[Material provided Boundary: Start]
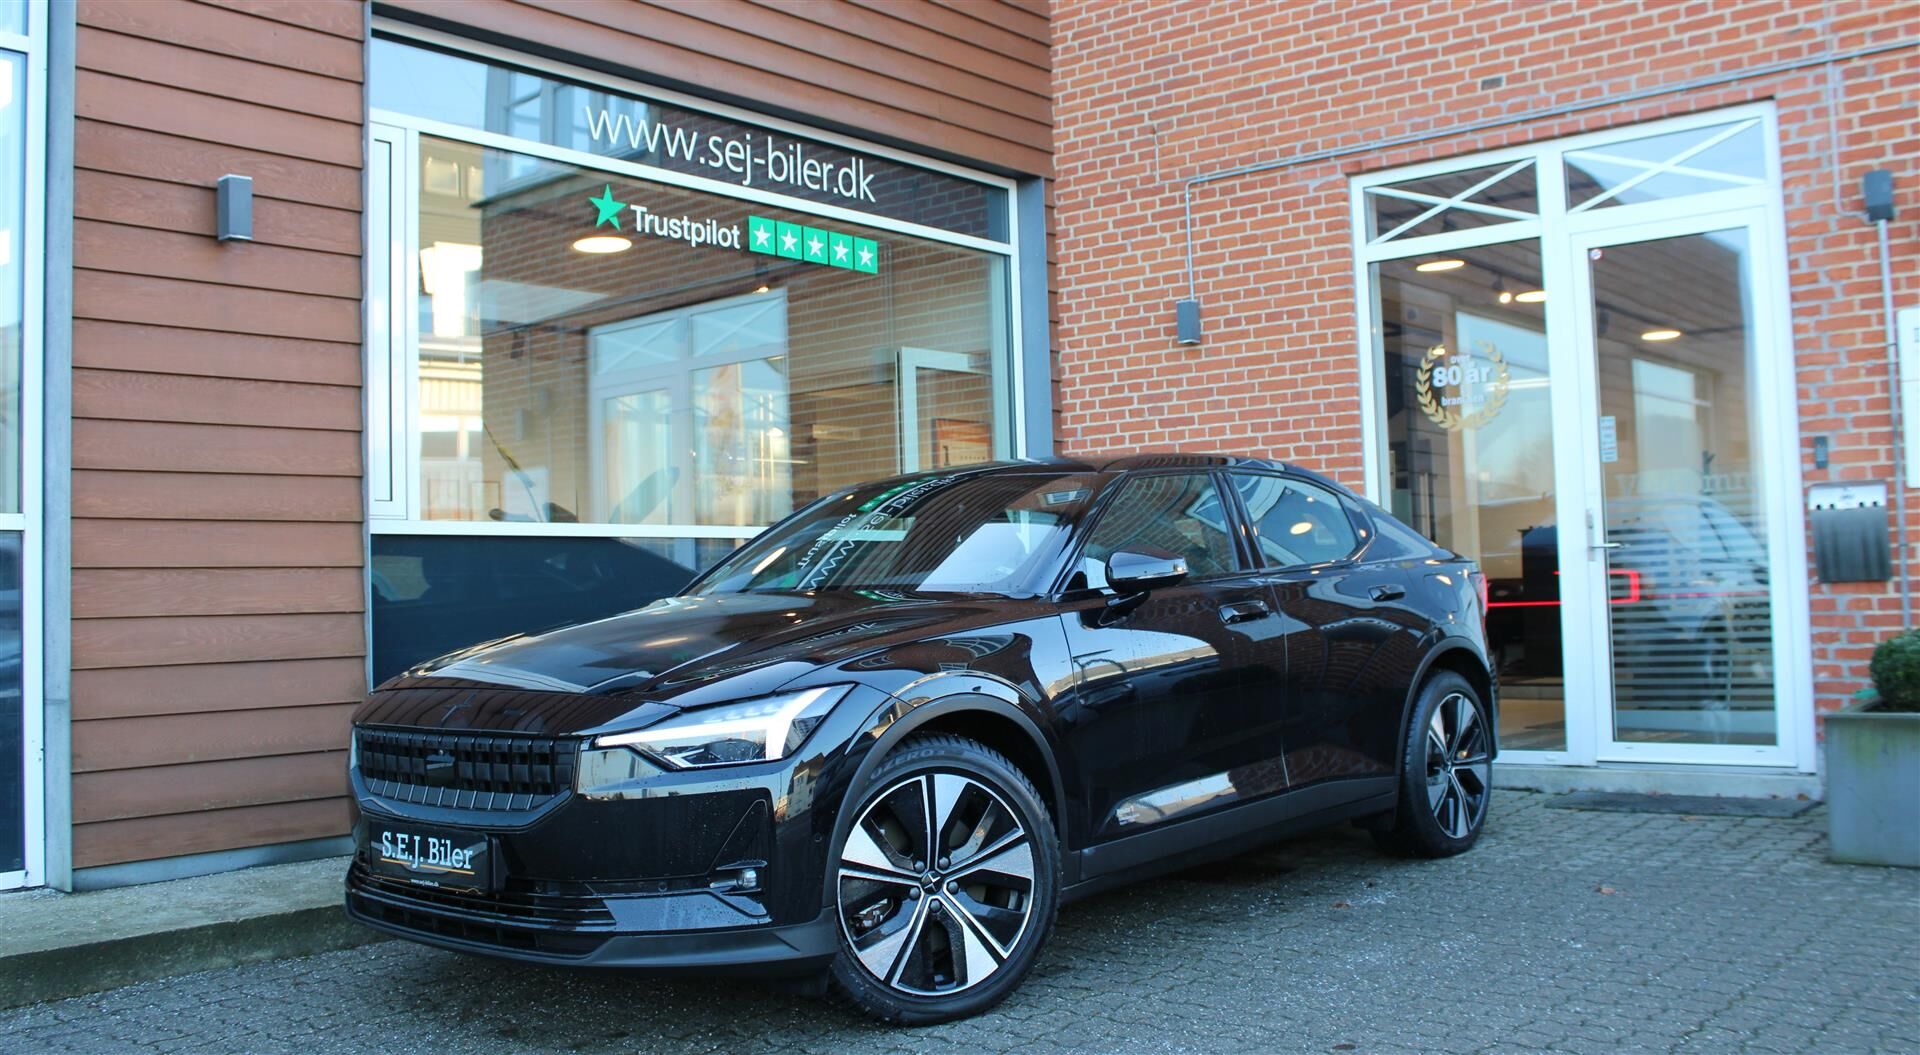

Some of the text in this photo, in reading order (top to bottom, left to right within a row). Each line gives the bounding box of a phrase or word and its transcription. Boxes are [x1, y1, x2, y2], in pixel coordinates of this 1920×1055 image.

[585, 106, 876, 202] www.sej-biler.dk
[630, 204, 740, 249] Trustpilot
[1433, 366, 1461, 387] 80
[381, 831, 473, 869] S.E.J. Biler
[Material provided Boundary: End]
Give the records back exactly. Leave the pictures out.

## Answer box
Some of the text in this photo, in reading order (top to bottom, left to right within a row). Each line gives the bounding box of a phrase or word and its transcription. Boxes are [x1, y1, x2, y2], in pixel coordinates of this 1920×1055 image.

[585, 106, 876, 202] www.sej-biler.dk
[630, 204, 740, 249] Trustpilot
[1433, 366, 1461, 387] 80
[381, 831, 473, 869] S.E.J. Biler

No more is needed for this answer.